-- WORK TASK --
In your copy, reproduce each entry exactly and leave out the pictures.

----

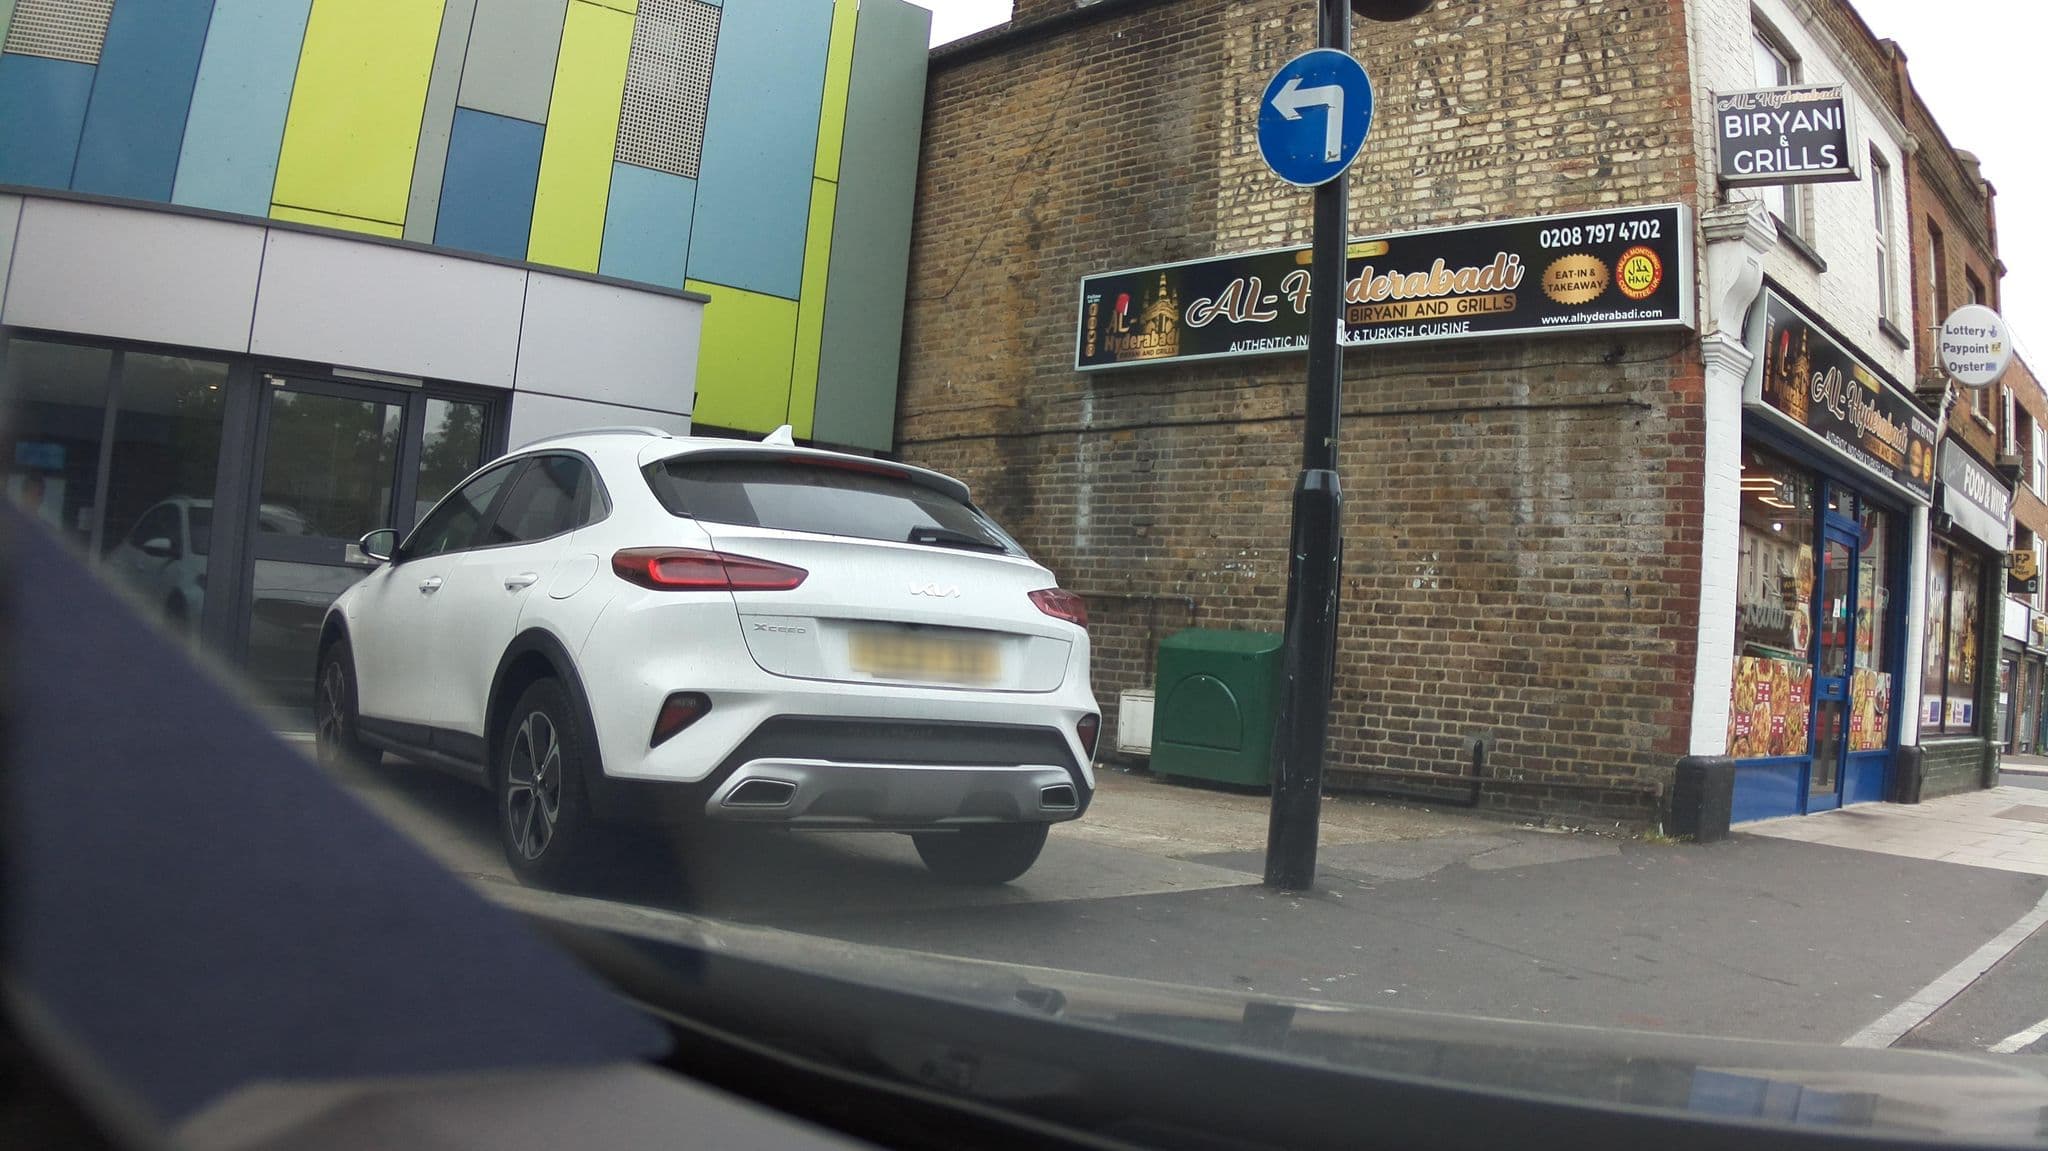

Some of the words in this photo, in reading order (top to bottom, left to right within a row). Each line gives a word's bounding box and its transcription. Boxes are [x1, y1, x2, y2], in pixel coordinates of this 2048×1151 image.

[1718, 89, 1842, 112] AL-Hyderabadi
[1725, 107, 1842, 138] BIRYANI
[1779, 135, 1790, 147] &
[1733, 144, 1838, 174] GRILLS
[1540, 226, 1582, 248] 0208
[1585, 223, 1615, 244] 797
[1618, 219, 1661, 241] 4702
[1555, 269, 1587, 280] EAT-IN
[1589, 268, 1596, 277] &
[1548, 280, 1604, 293] TAKEAWAY
[1350, 305, 1408, 322] BIRYANI
[1414, 301, 1449, 317] AND
[1456, 296, 1514, 313] GRILLS
[1541, 309, 1663, 324] www.alhyderabadi.com
[1229, 336, 1292, 352] AUTHENTIC
[1362, 326, 1415, 341] TURKISH
[1418, 322, 1470, 337] CUISINE
[1946, 325, 1986, 337] Lottery
[1942, 343, 1989, 356] Paypoint
[1949, 362, 1984, 373] Oyster
[1964, 463, 1985, 504] FOOD
[1984, 480, 1990, 509] &
[1990, 484, 2008, 522] WINE
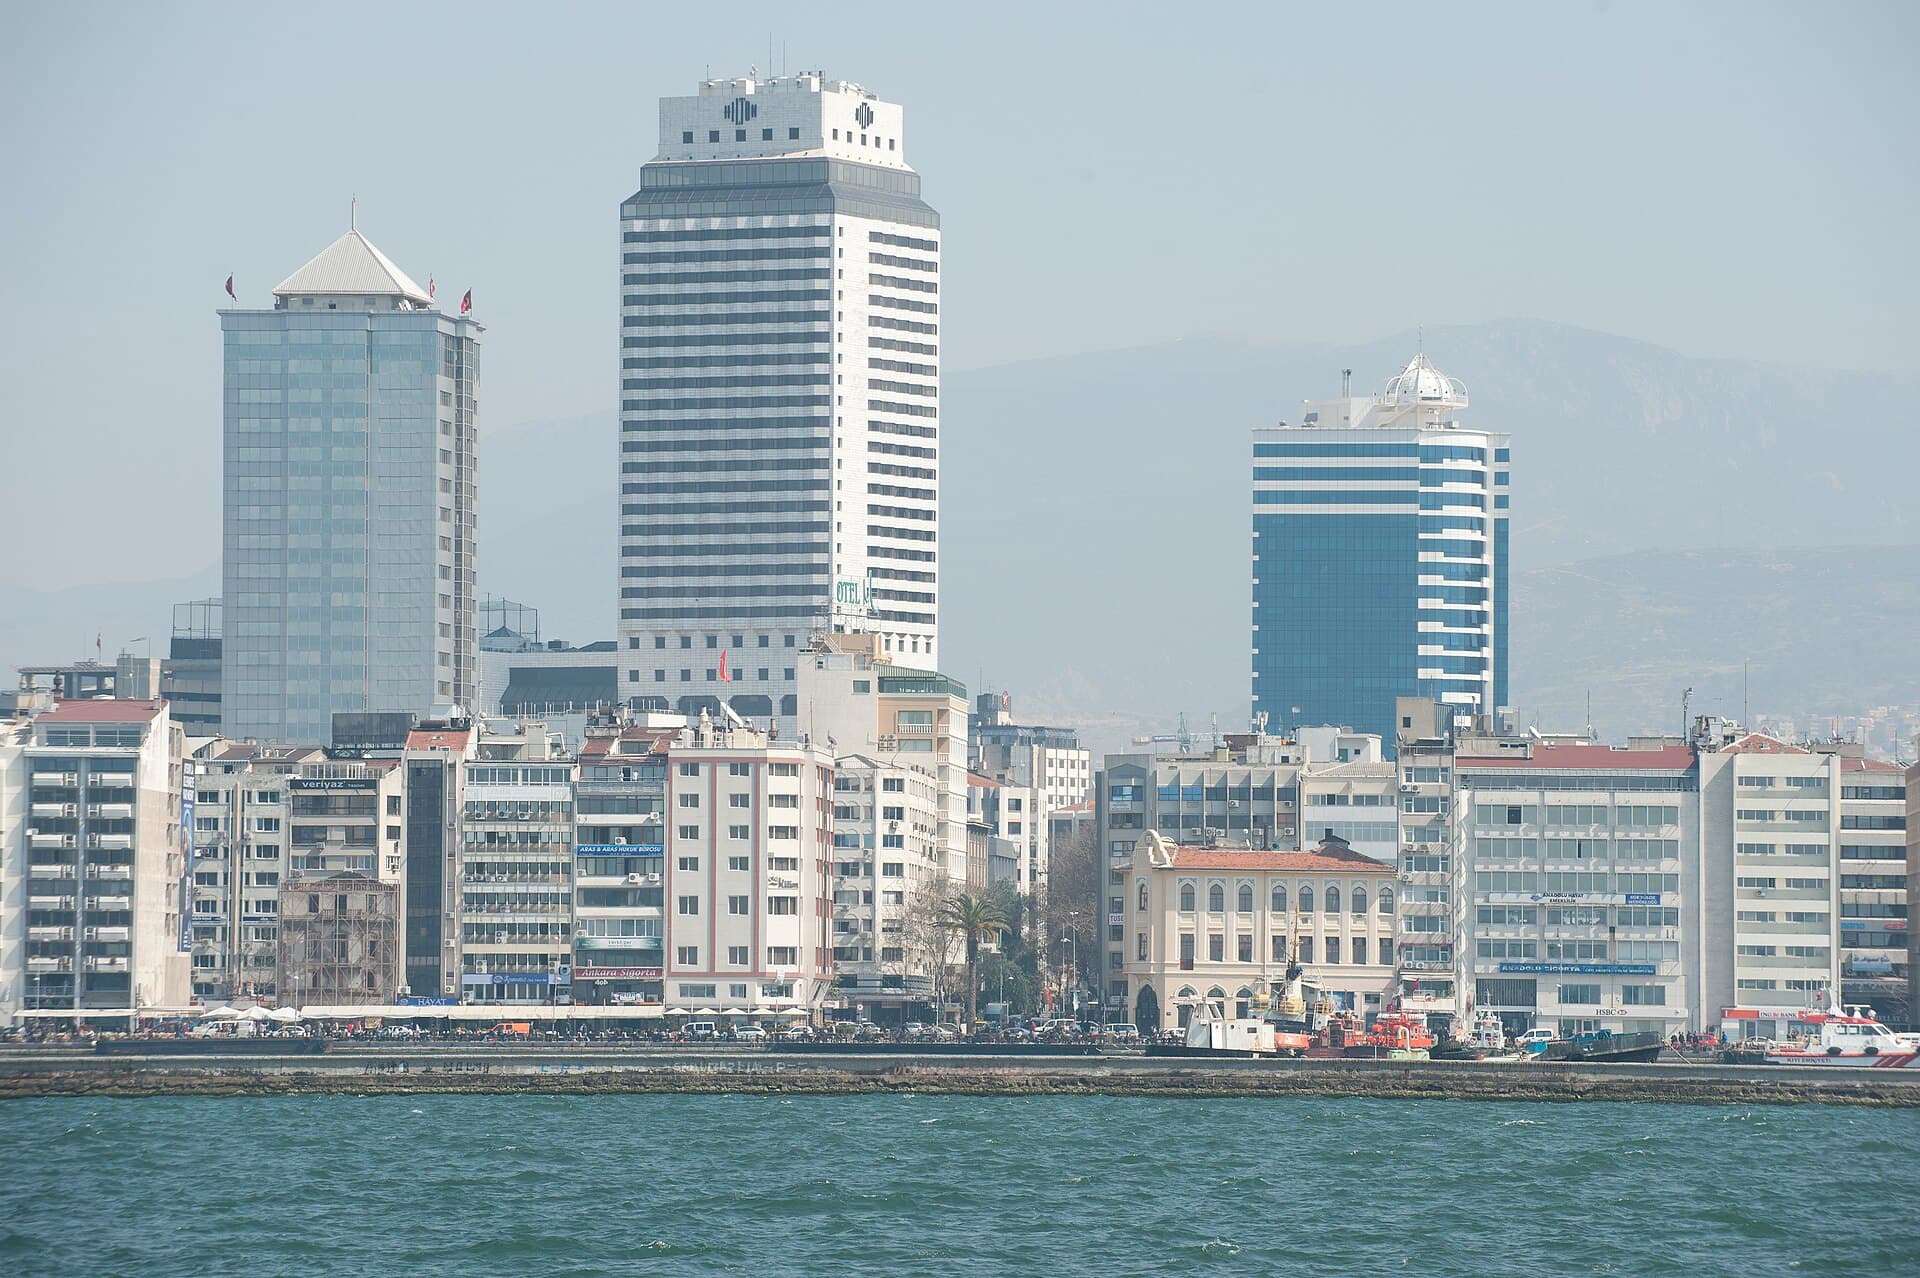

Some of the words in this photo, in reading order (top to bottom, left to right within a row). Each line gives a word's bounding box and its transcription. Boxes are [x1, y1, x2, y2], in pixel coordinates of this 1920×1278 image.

[724, 97, 757, 126] HILTON
[836, 581, 860, 605] OTEL
[581, 968, 617, 977] Ankara
[620, 968, 656, 978] Sigorta
[417, 998, 447, 1006] HAYAT
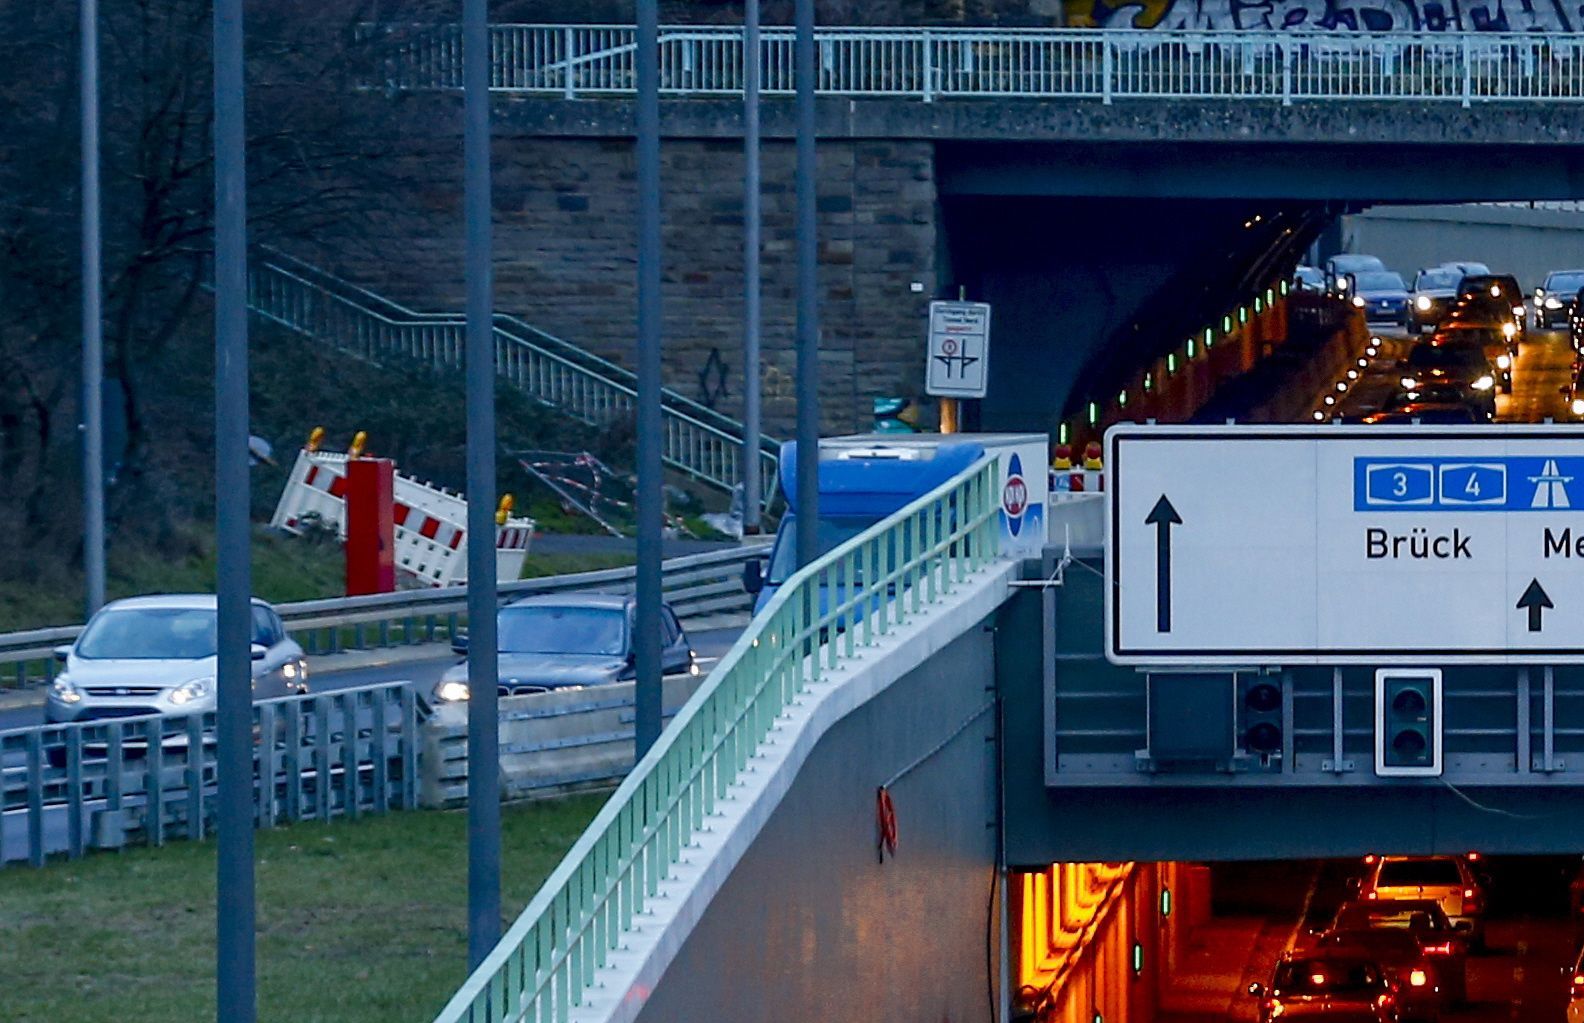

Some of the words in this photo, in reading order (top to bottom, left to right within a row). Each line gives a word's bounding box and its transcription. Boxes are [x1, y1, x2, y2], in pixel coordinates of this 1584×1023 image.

[1393, 472, 1407, 496] 3
[1465, 472, 1480, 496] 4
[1365, 527, 1473, 559] Brück

----

-- RESULT BELOW --
Some of the words in this photo, in reading order (top to bottom, left to right within a row). Each line gives a word's bounding box and its transcription. Boxes are [x1, y1, x2, y2], in pixel coordinates of this 2048×1151 image.

[1718, 89, 1842, 112] AL-Hyderabadi
[1725, 107, 1842, 138] BIRYANI
[1779, 135, 1790, 147] &
[1733, 144, 1838, 174] GRILLS
[1540, 226, 1582, 248] 0208
[1585, 223, 1615, 244] 797
[1618, 219, 1661, 241] 4702
[1555, 269, 1587, 280] EAT-IN
[1589, 268, 1596, 277] &
[1548, 280, 1604, 293] TAKEAWAY
[1350, 305, 1408, 322] BIRYANI
[1414, 301, 1449, 317] AND
[1456, 296, 1514, 313] GRILLS
[1541, 309, 1663, 324] www.alhyderabadi.com
[1229, 336, 1292, 352] AUTHENTIC
[1362, 326, 1415, 341] TURKISH
[1418, 322, 1470, 337] CUISINE
[1946, 325, 1986, 337] Lottery
[1942, 343, 1989, 356] Paypoint
[1949, 362, 1984, 373] Oyster
[1964, 463, 1985, 504] FOOD
[1984, 480, 1990, 509] &
[1990, 484, 2008, 522] WINE

Some of the words in this photo, in reading order (top to bottom, left to right within a row). Each line gives a word's bounding box and its transcription. Boxes are [x1, y1, x2, y2], in pixel coordinates of this 1920×1278 image.

[724, 97, 757, 126] HILTON
[836, 581, 860, 605] OTEL
[581, 968, 617, 977] Ankara
[620, 968, 656, 978] Sigorta
[417, 998, 447, 1006] HAYAT

Some of the words in this photo, in reading order (top to bottom, left to right within a row). Each line gives a word's bounding box and its transcription. Boxes are [x1, y1, x2, y2], in pixel coordinates of this 1584×1023 image.

[1393, 472, 1407, 496] 3
[1465, 472, 1480, 496] 4
[1365, 527, 1473, 559] Brück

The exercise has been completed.